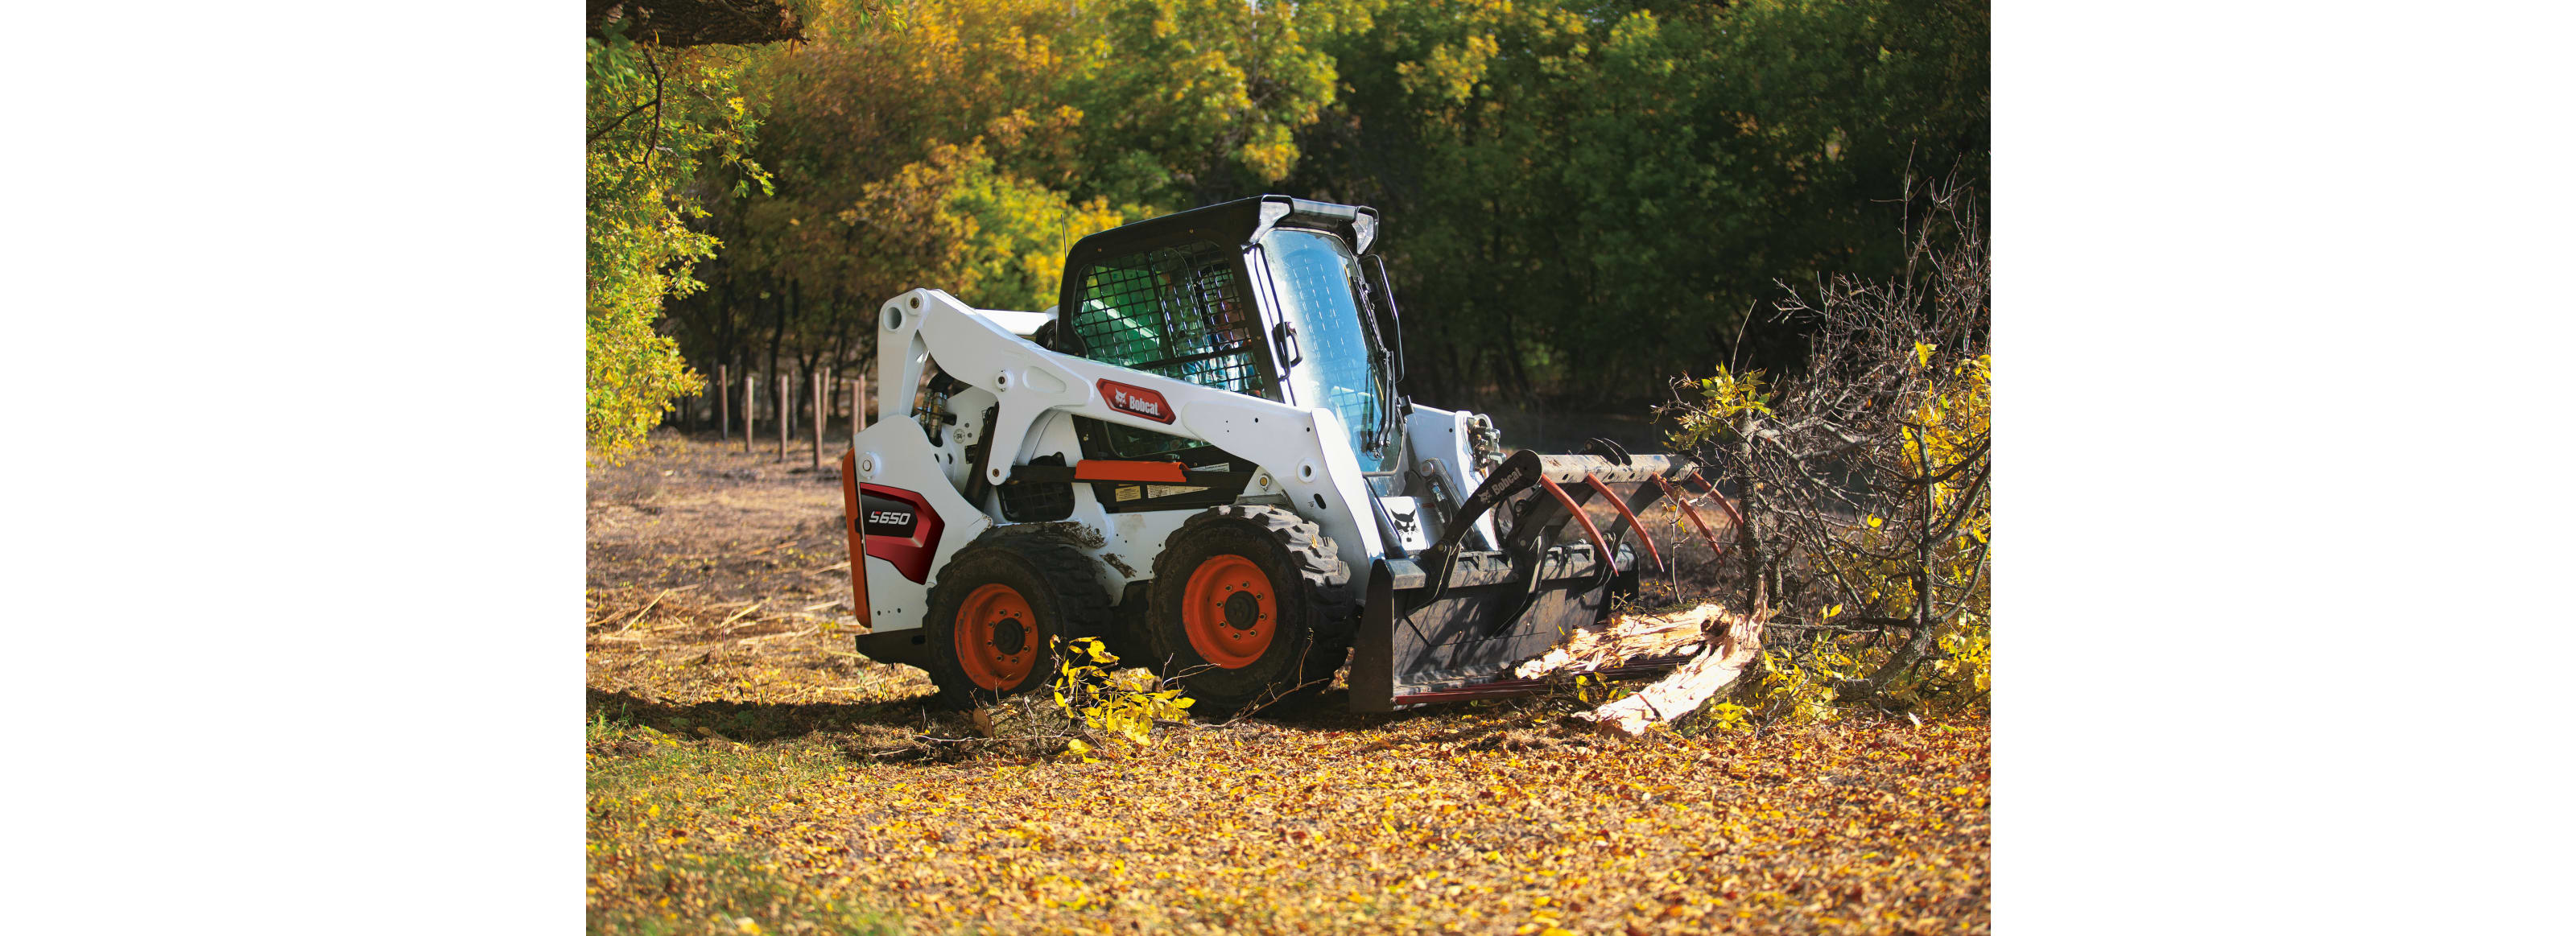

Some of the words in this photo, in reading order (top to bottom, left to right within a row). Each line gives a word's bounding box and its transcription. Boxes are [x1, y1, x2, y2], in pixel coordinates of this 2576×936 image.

[1129, 395, 1158, 415] Bobcat
[1492, 467, 1522, 495] Bobcat
[869, 511, 910, 525] S650
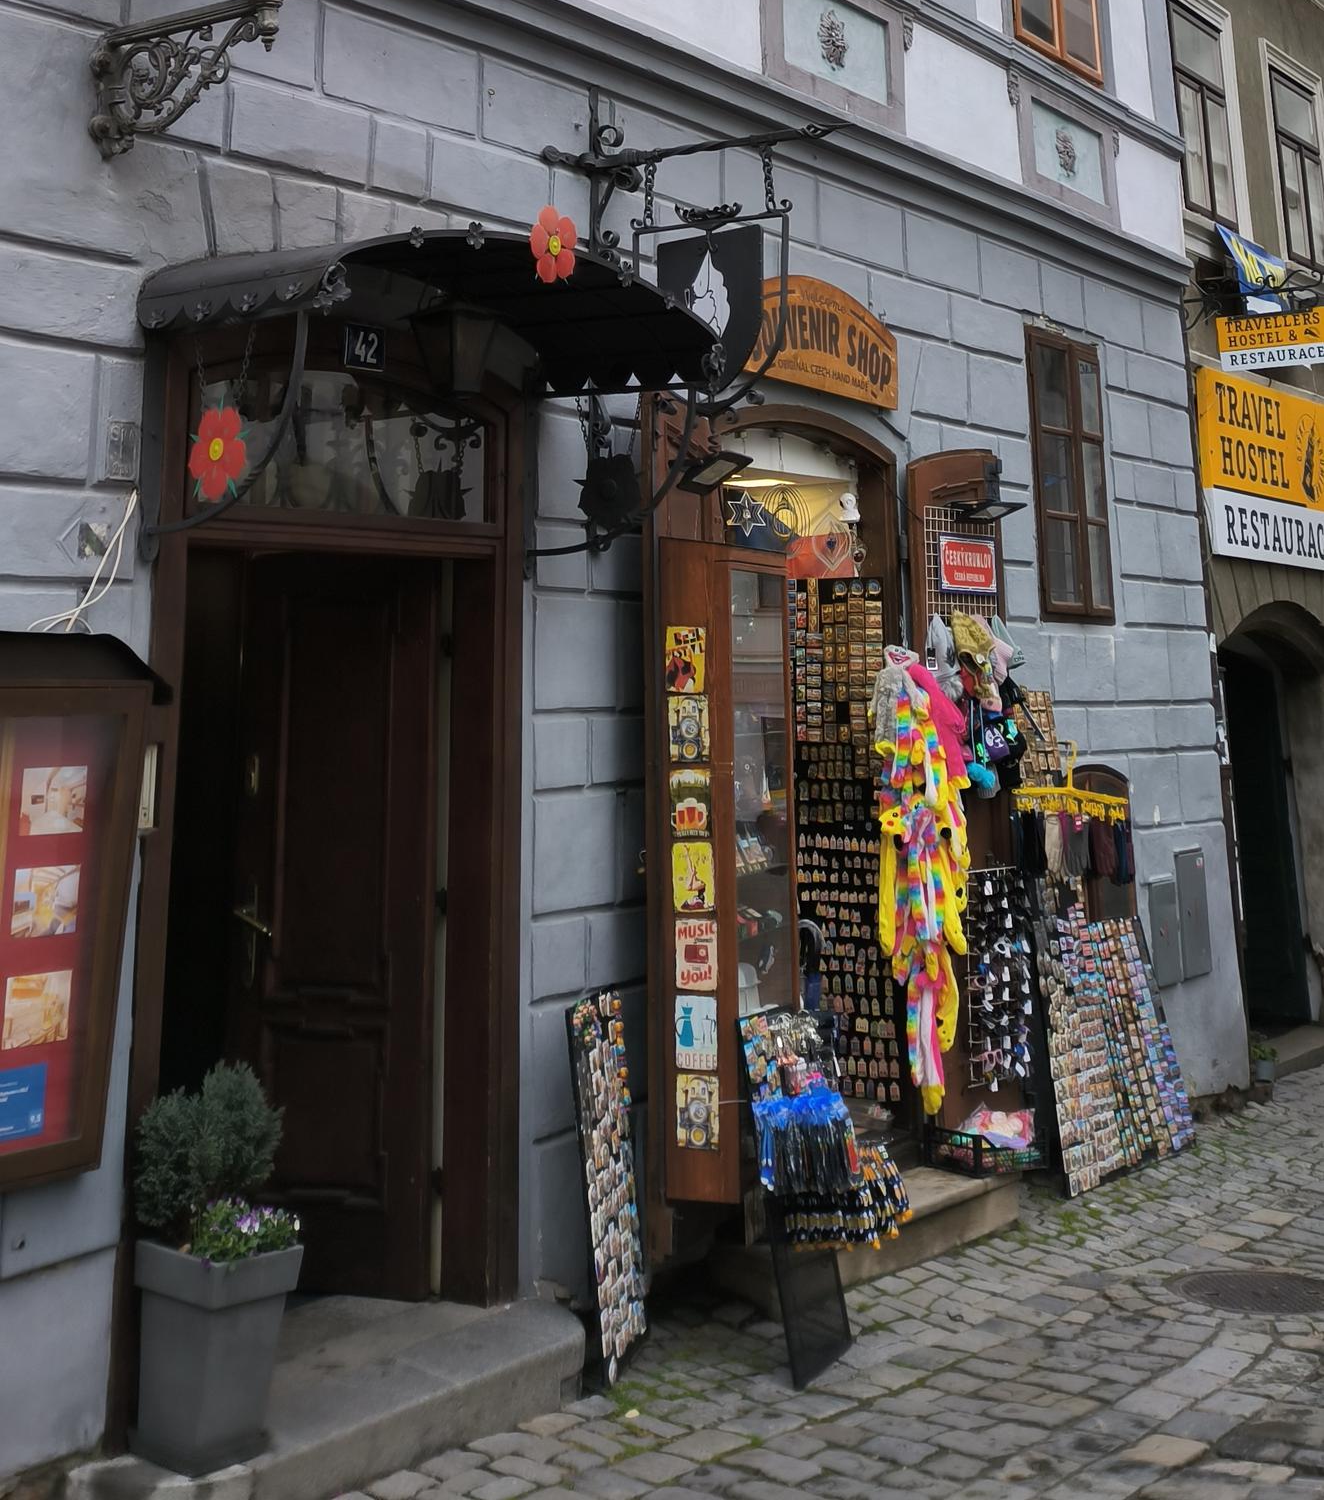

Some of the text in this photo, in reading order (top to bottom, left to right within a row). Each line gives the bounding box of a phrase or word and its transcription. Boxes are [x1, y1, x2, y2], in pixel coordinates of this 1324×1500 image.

[1225, 312, 1320, 333] TRAVELLERS
[355, 331, 378, 364] 42
[1228, 329, 1298, 347] HOSTEL &
[847, 324, 892, 392] SHOP
[1230, 346, 1324, 366] RESTAURACE
[1215, 381, 1286, 440] TRAVEL
[1220, 435, 1290, 489] HOSTEL
[678, 921, 715, 940] MUSIC
[677, 1053, 717, 1070] COFFEE
++++
Word for word, return the listing above; the pictures do not belong in the copy.

Some of the words in this photo, in reading order (top to bottom, left to right within a row). Each line gives a word's bounding box and its transcription. Boxes are [x1, y1, x2, y2], in pixel coordinates of this 2576×936 image.

[1129, 395, 1158, 415] Bobcat
[1492, 467, 1522, 495] Bobcat
[869, 511, 910, 525] S650

Some of the text in this photo, in reading order (top to bottom, left to right within a row). Each line gives the bounding box of a phrase or word and its transcription. Boxes are [x1, y1, x2, y2], in pixel coordinates of this 1324×1500 image.

[1225, 312, 1320, 333] TRAVELLERS
[355, 331, 378, 364] 42
[1228, 329, 1298, 347] HOSTEL &
[847, 324, 892, 392] SHOP
[1230, 346, 1324, 366] RESTAURACE
[1215, 381, 1286, 440] TRAVEL
[1220, 435, 1290, 489] HOSTEL
[678, 921, 715, 940] MUSIC
[677, 1053, 717, 1070] COFFEE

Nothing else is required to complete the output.